Content-Transfer-Encoding: 7bit
X-Mailer: GyazMail version 1.5.15
Archived-At: http://mailarchive.ietf.org/arch/msg/rtg-bfd/54q6TJehmMmYVyR0yaaexXtuwlM
Cc: "rtg-bfd@ietf.org" <rtg-bfd@ietf.org>
X-BeenThere: rtg-bfd@ietf.org
X-Mailman-Version: 2.1.15
Precedence: list
List-Id: "RTG Area: Bidirectional Forwarding Detection DT" <rtg-bfd.ietf.org>
List-Unsubscribe: <https://www.ietf.org/mailman/options/rtg-bfd>, <mailto:rtg-bfd-request@ietf.org?subject=unsubscribe>
List-Archive: <http://www.ietf.org/mail-archive/web/rtg-bfd/>
List-Post: <mailto:rtg-bfd@ietf.org>
List-Help: <mailto:rtg-bfd-request@ietf.org?subject=help>
List-Subscribe: <https://www.ietf.org/mailman/listinfo/rtg-bfd>, <mailto:rtg-bfd-request@ietf.org?subject=subscribe>
X-List-Received-Date: Mon, 01 Dec 2014 08:51:42 -0000

Hello Manav!

quite some emails about this topic :-) Let me nevertheless reply to this one:

> Now given just the sequence numbers its almost impossible for A to
> know whether the issue was at the RX or the TX side.

... or in between (the link/Internet).

For the Rx side: you timestamp the packets when the hardware receives them. 
This stamp could be in some additional "pak header", something that 
implementations probably have (but yes, it's an implementation detail for me, 
not an aspect of the BFD packet).

Then you timestamp the packet whenever you receive it in your software path, 
assuming the BFD implementation is in software. You may even have additional 
time stamps while the packet proceeds through the various functions.

You have a rotating buffer for these information and save the last N packet 
informations of the session when it goes down. Plus unexpected packets like 
the delayed "Up" packets while you are already in Down.

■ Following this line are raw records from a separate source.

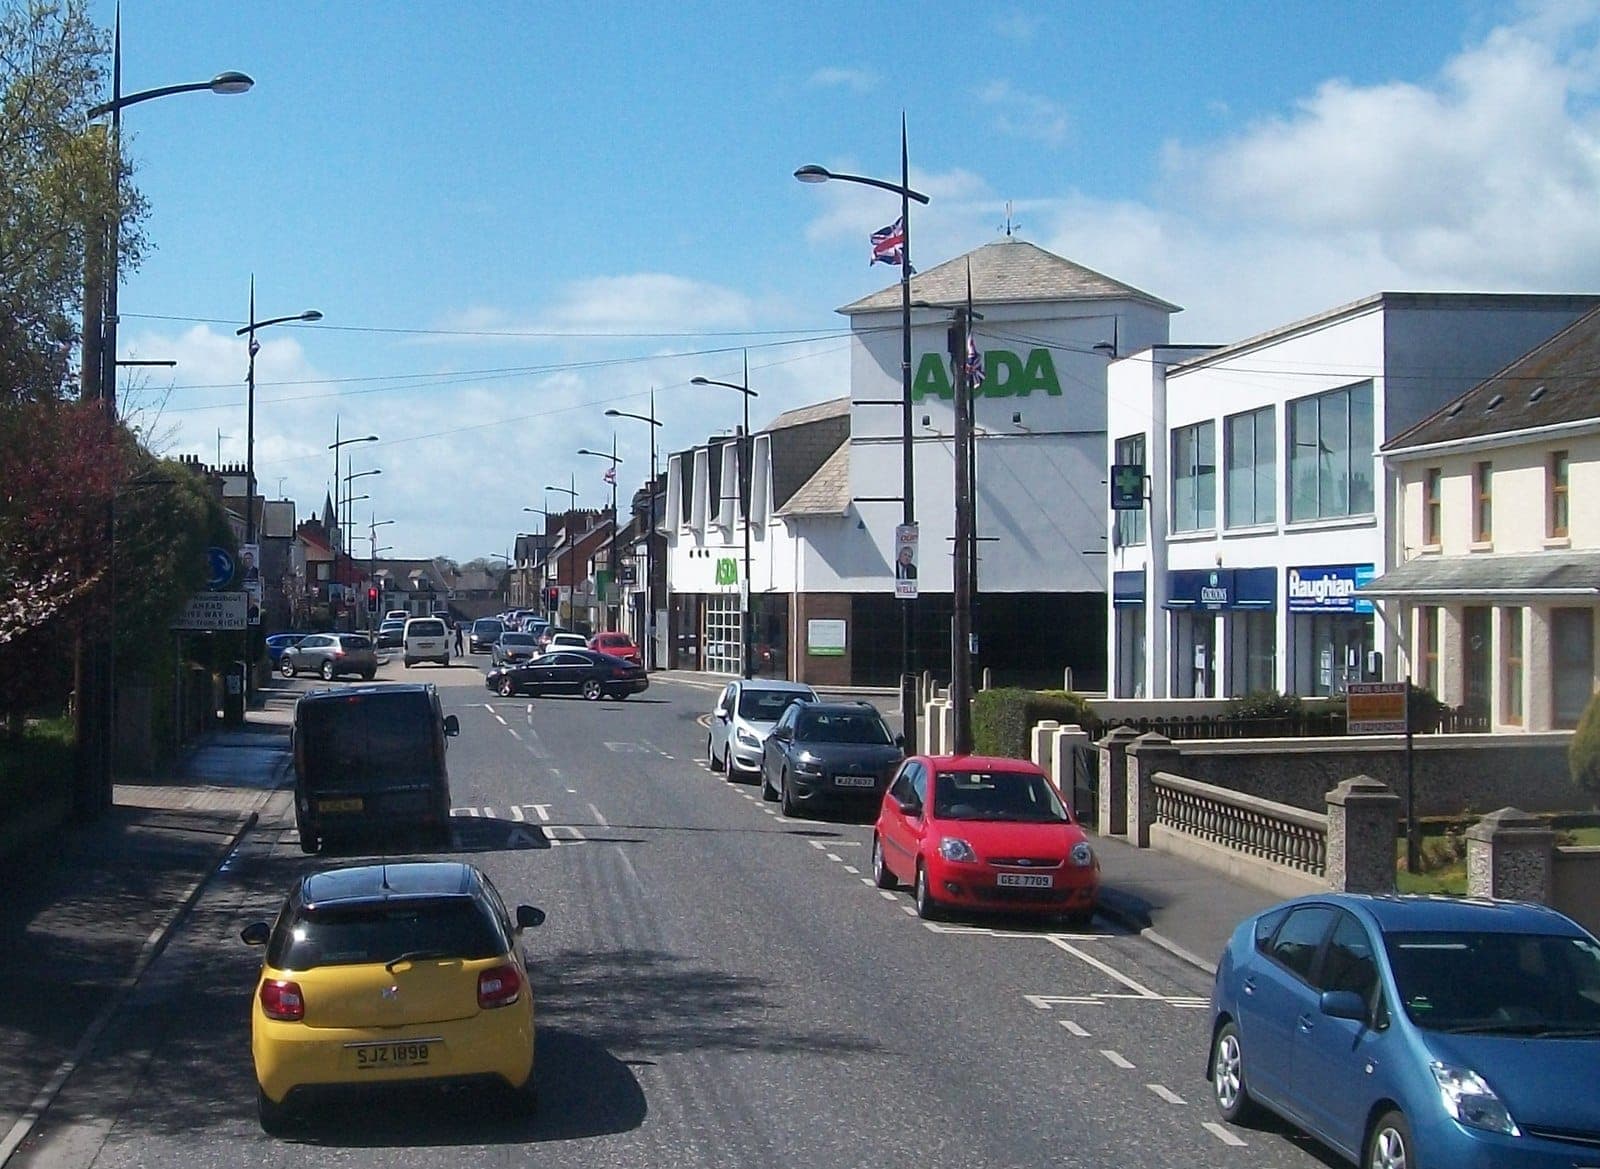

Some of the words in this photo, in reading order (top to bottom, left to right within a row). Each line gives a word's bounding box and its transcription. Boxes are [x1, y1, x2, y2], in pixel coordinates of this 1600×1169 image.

[912, 348, 1063, 401] ADA
[715, 557, 739, 586] ASDA
[1351, 685, 1371, 693] FOR
[1374, 684, 1403, 693] SALE
[1001, 875, 1020, 885] GEZ
[1024, 875, 1049, 886] 7709
[357, 1047, 388, 1063] SJZ

If the sender does something equivalent on the Tx side and also saving N 
packet information after receiving the first "Down" packet back from the Rx 
node you have Tx and Rx delta times and you can correlate them based on the 
sequence number. If N is large enough, e.g. N = 10 or 50 or such, then you 
should be able to debug the session how it went down.

For your example the Rx timestamps would tell that "101", "102" and "103" 
arrived at your Rx hardware with a delay. If the Tx timestamps show no delay 
in the Tx path then you would conclude it's the link/Internet in between.

If you manage to synchronize the systems down to a few milliseconds then the 
timestamps would even allow to explicitly measure the link delay, that Tx 
packet generation happened without a delay etc..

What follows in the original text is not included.